[Input Boundary: Start]

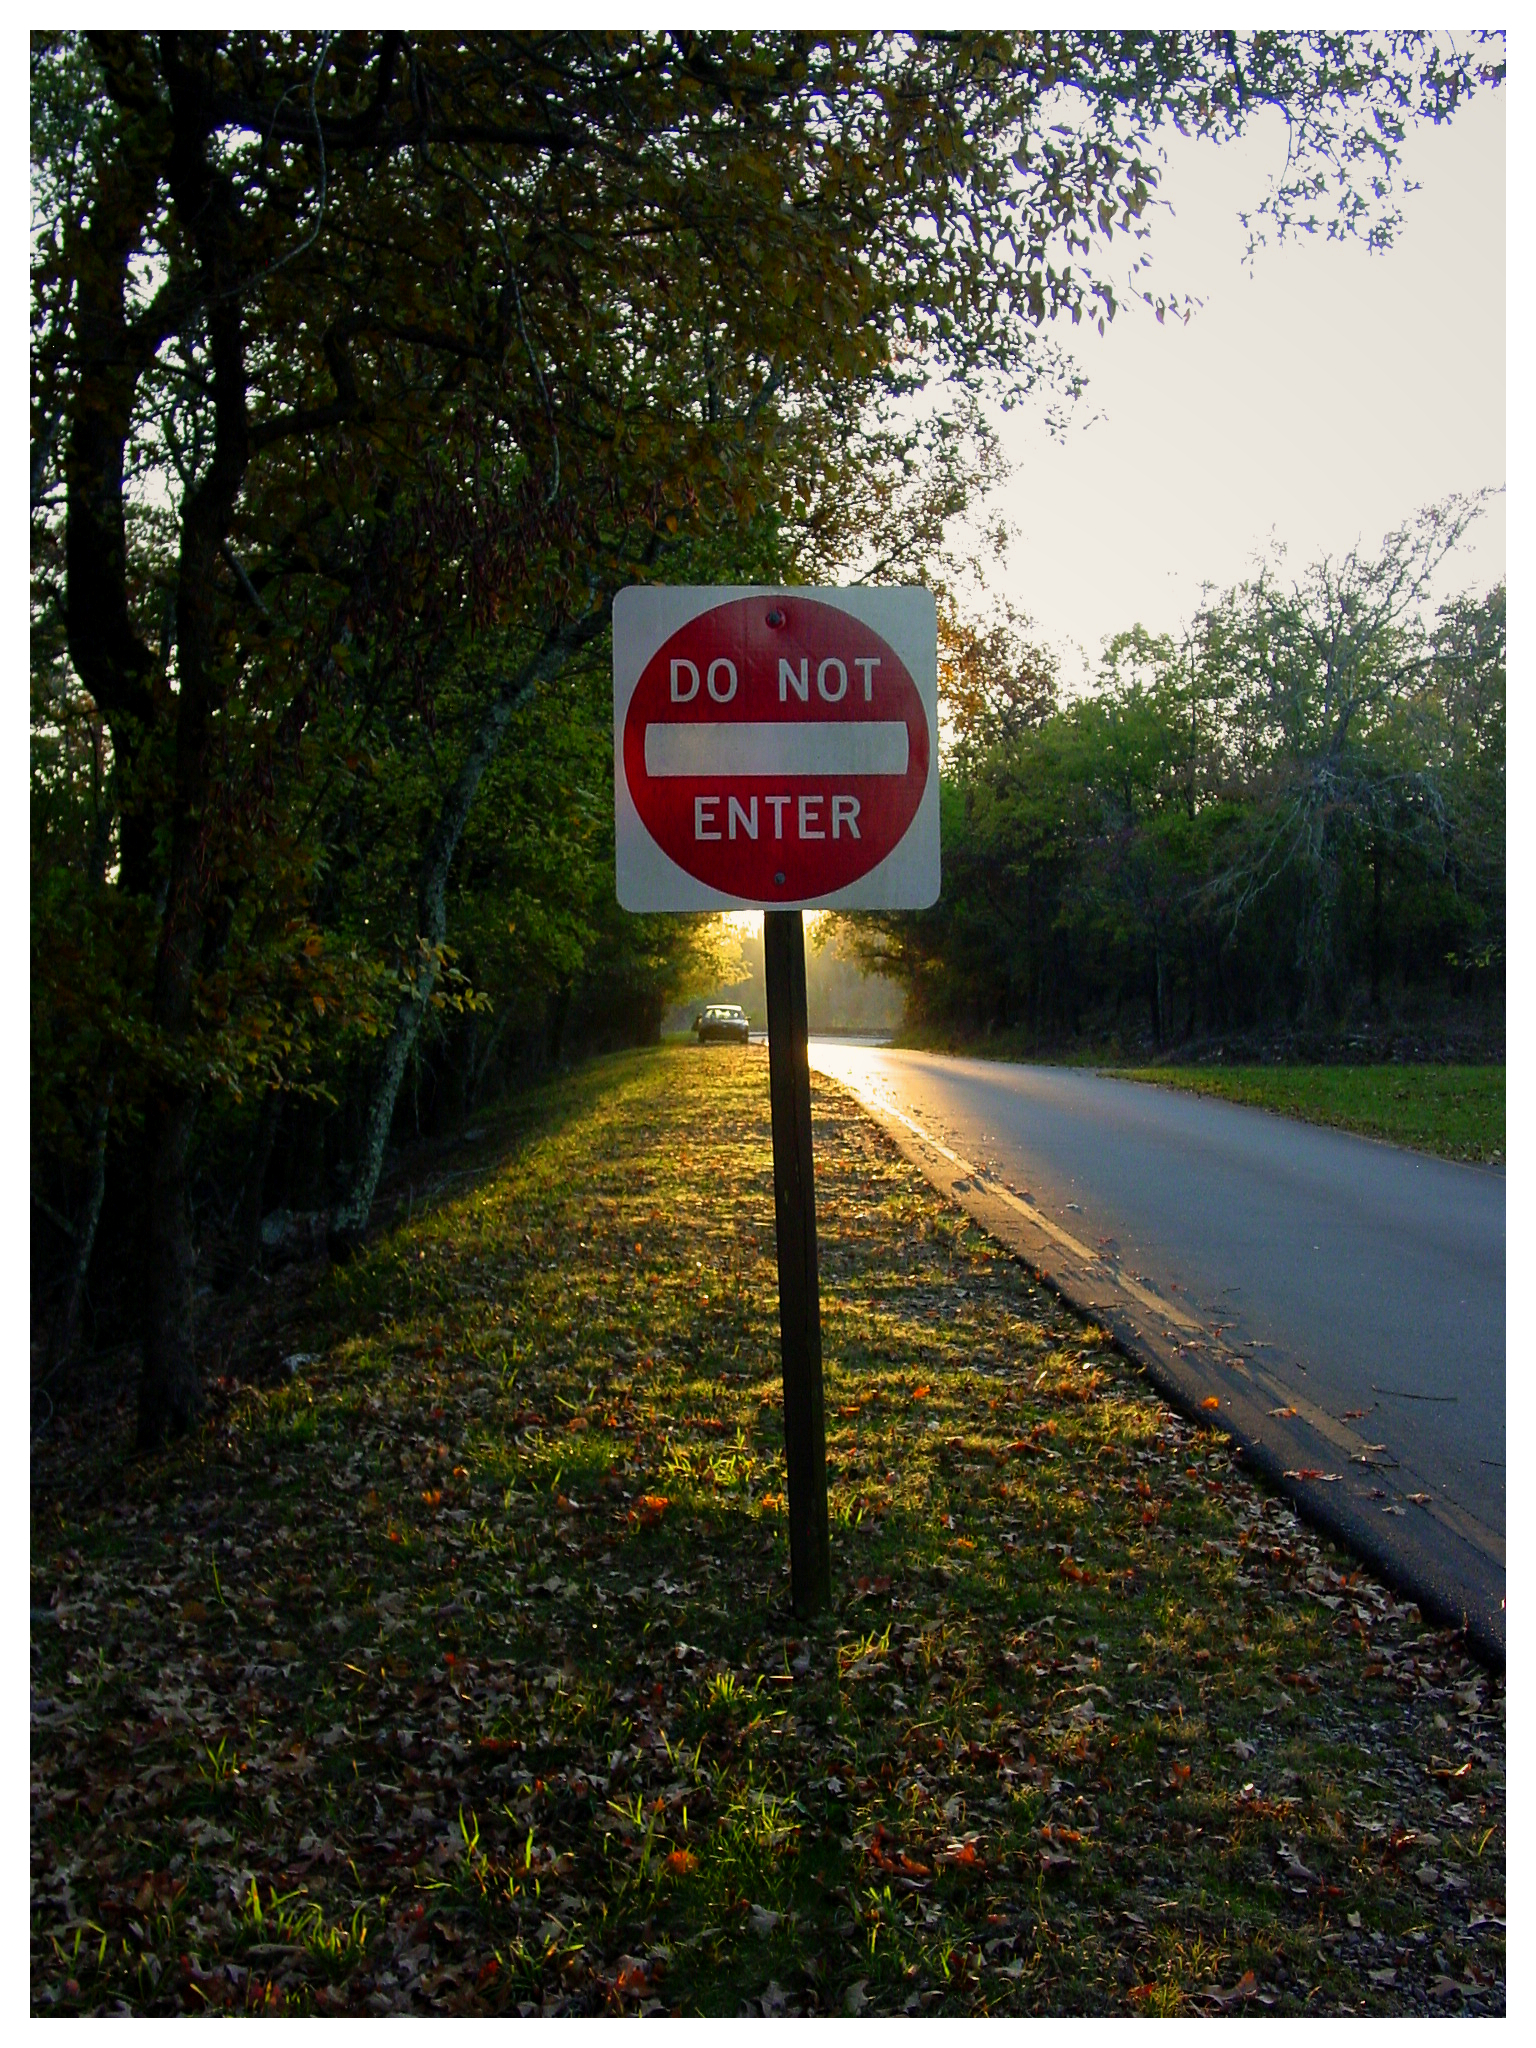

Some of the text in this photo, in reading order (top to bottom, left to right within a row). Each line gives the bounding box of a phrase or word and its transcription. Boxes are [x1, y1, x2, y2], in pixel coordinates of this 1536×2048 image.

[669, 657, 882, 703] DO NOT
[694, 795, 862, 840] ENTER
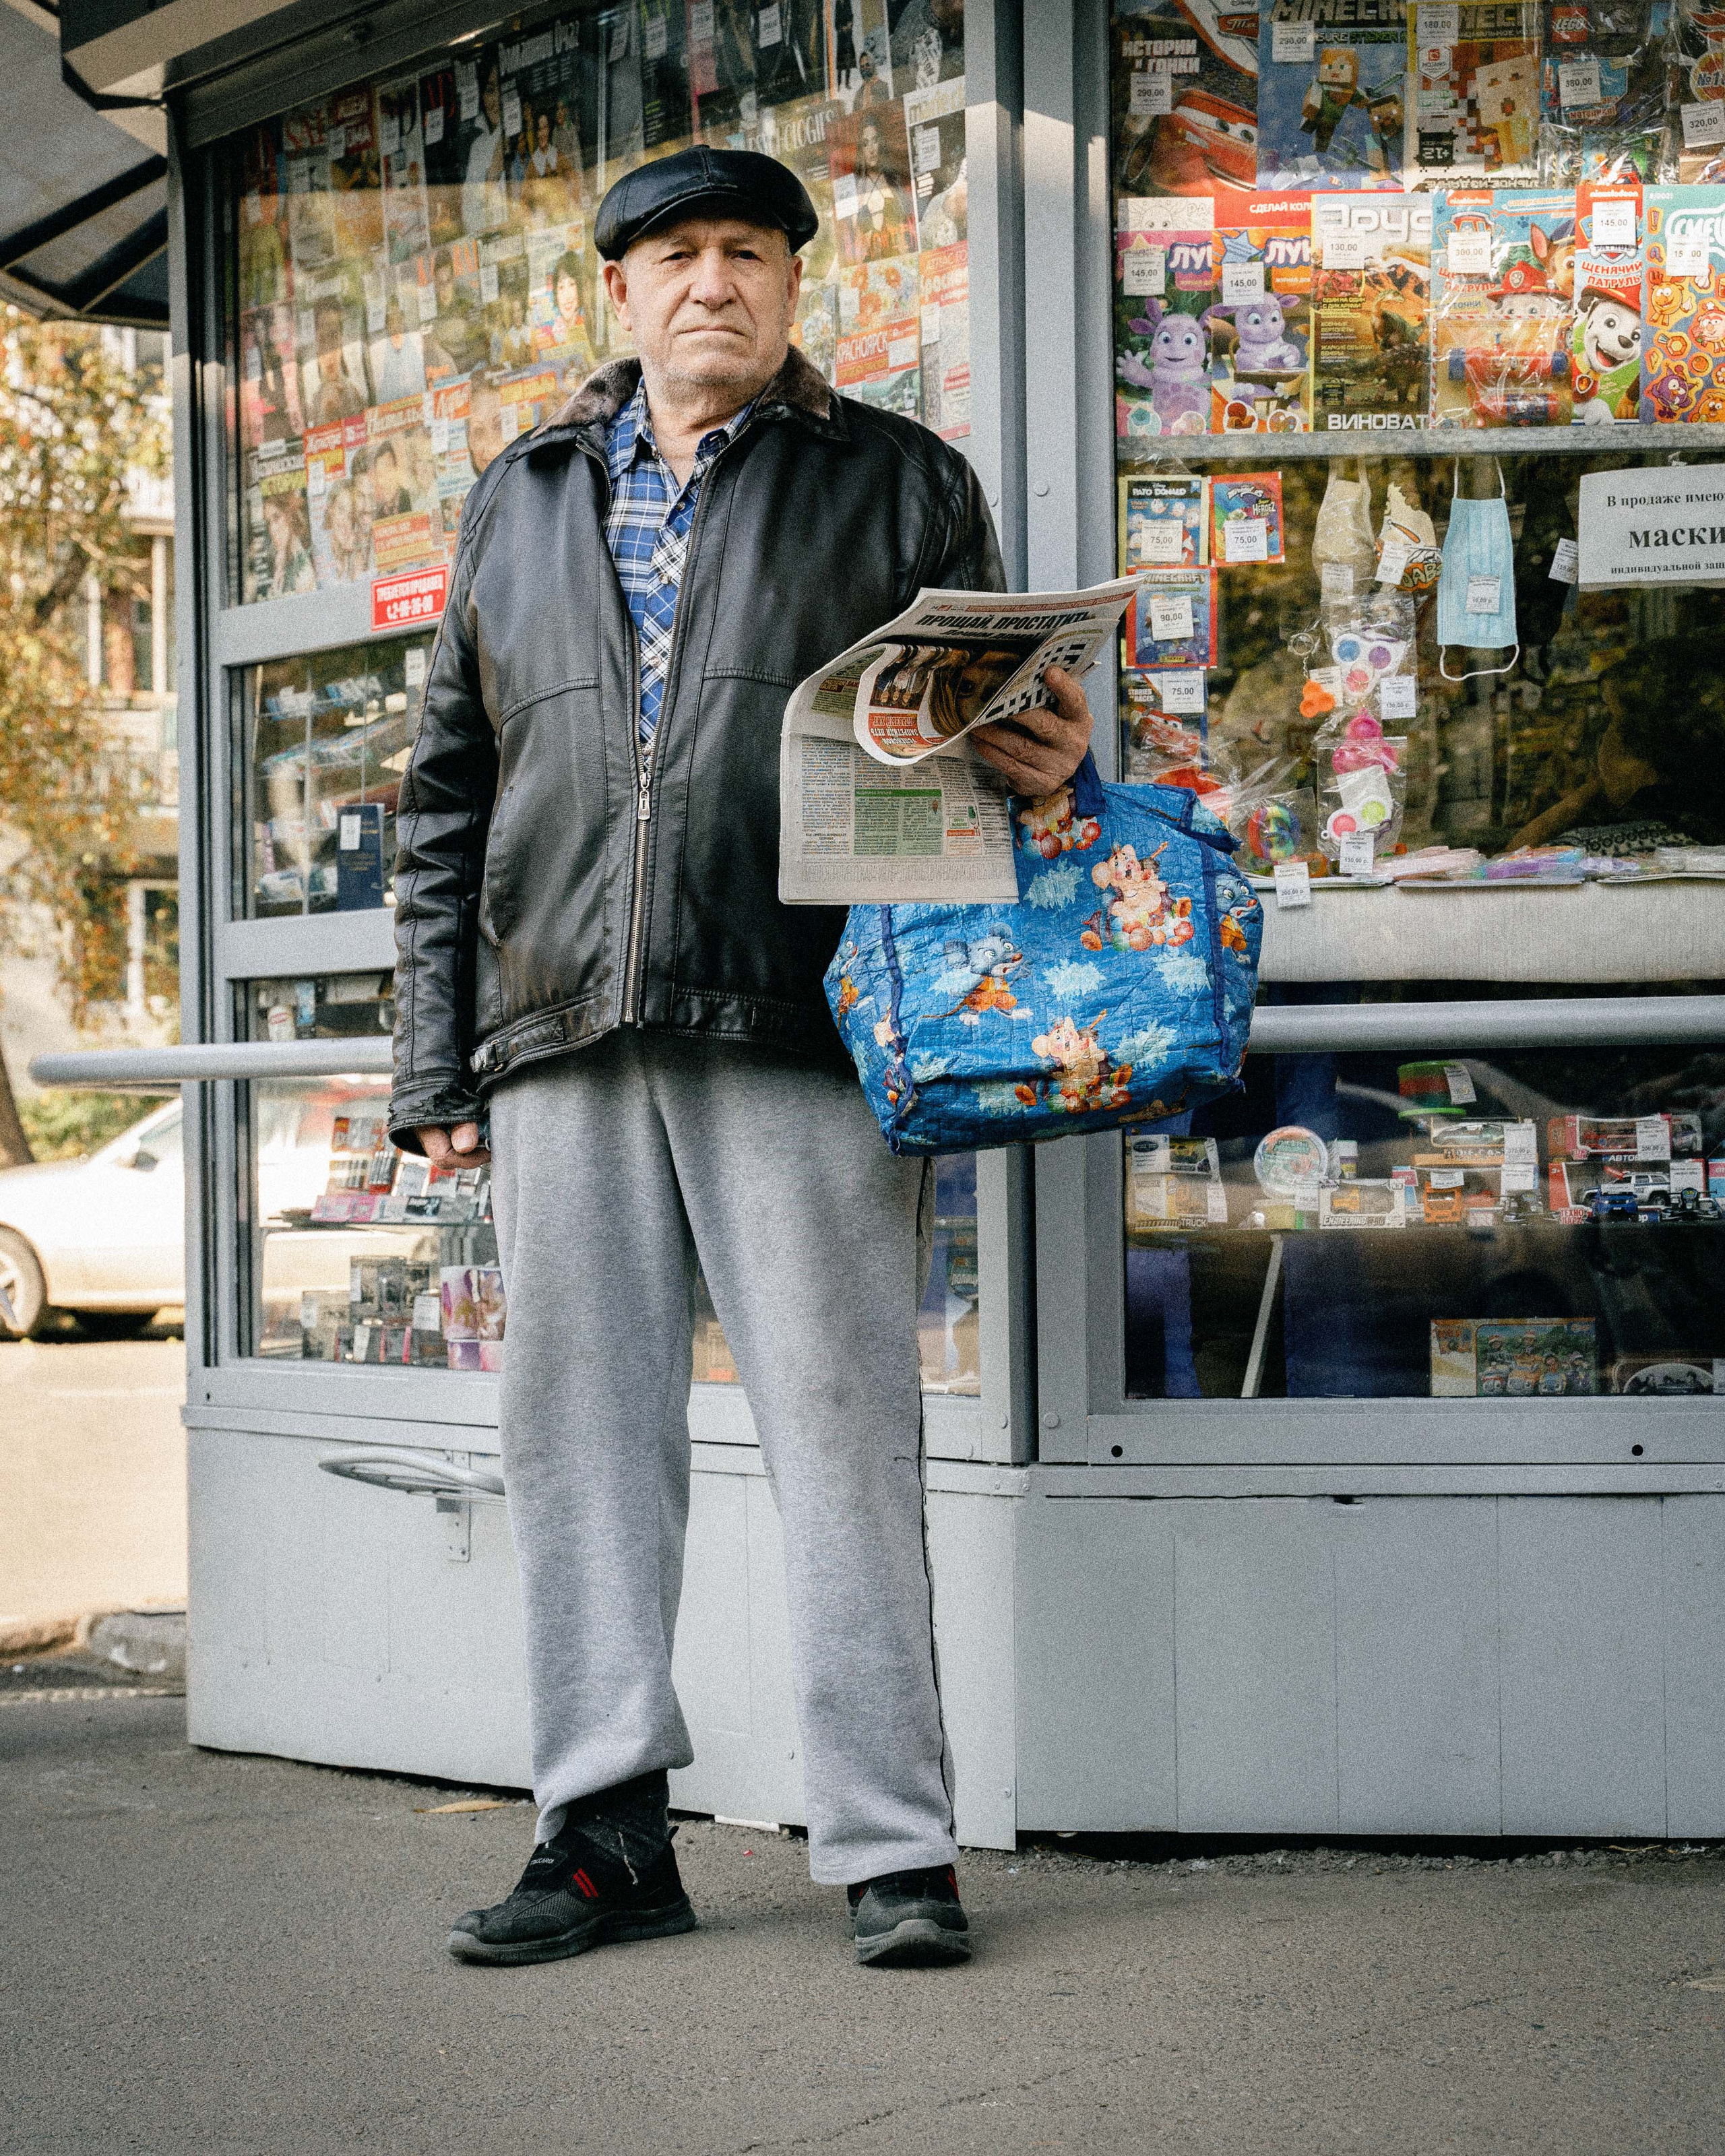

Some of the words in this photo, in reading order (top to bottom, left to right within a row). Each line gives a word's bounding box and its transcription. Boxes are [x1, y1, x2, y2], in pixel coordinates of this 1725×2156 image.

[1689, 117, 1719, 129] 320,00
[1249, 201, 1288, 214] СДЕЛАЙ
[1330, 242, 1358, 253] 130,00
[1581, 260, 1643, 276] ЩЕНЯЧИЙ
[1230, 278, 1257, 288] 145,00
[1588, 274, 1642, 288] ПАТРУЛЬ
[1607, 495, 1617, 507] В
[1621, 494, 1681, 509] продаже
[1150, 536, 1173, 544] 75,00
[1234, 535, 1257, 544] 75,00
[1628, 526, 1725, 549] маски
[1610, 561, 1701, 575] индивидуальной
[914, 613, 997, 631] ПРОЩАЙ,
[1160, 612, 1183, 622] 90,00
[1172, 687, 1195, 695] 75,00
[1180, 1217, 1208, 1228] TRUCK

[Input Boundary: End]

About this task
Every entry above should be returned exactly, with no images included.

Result for this exercise
Some of the text in this photo, in reading order (top to bottom, left to right within a row). Each line gives the bounding box of a phrase or word and its transcription. Boxes are [x1, y1, x2, y2], in pixel coordinates of this 1536×2048 image.

[669, 657, 882, 703] DO NOT
[694, 795, 862, 840] ENTER

Some of the words in this photo, in reading order (top to bottom, left to right within a row). Each line gives a word's bounding box and its transcription. Boxes are [x1, y1, x2, y2], in pixel coordinates of this 1725×2156 image.

[1689, 117, 1719, 129] 320,00
[1249, 201, 1288, 214] СДЕЛАЙ
[1330, 242, 1358, 253] 130,00
[1581, 260, 1643, 276] ЩЕНЯЧИЙ
[1230, 278, 1257, 288] 145,00
[1588, 274, 1642, 288] ПАТРУЛЬ
[1607, 495, 1617, 507] В
[1621, 494, 1681, 509] продаже
[1150, 536, 1173, 544] 75,00
[1234, 535, 1257, 544] 75,00
[1628, 526, 1725, 549] маски
[1610, 561, 1701, 575] индивидуальной
[914, 613, 997, 631] ПРОЩАЙ,
[1160, 612, 1183, 622] 90,00
[1172, 687, 1195, 695] 75,00
[1180, 1217, 1208, 1228] TRUCK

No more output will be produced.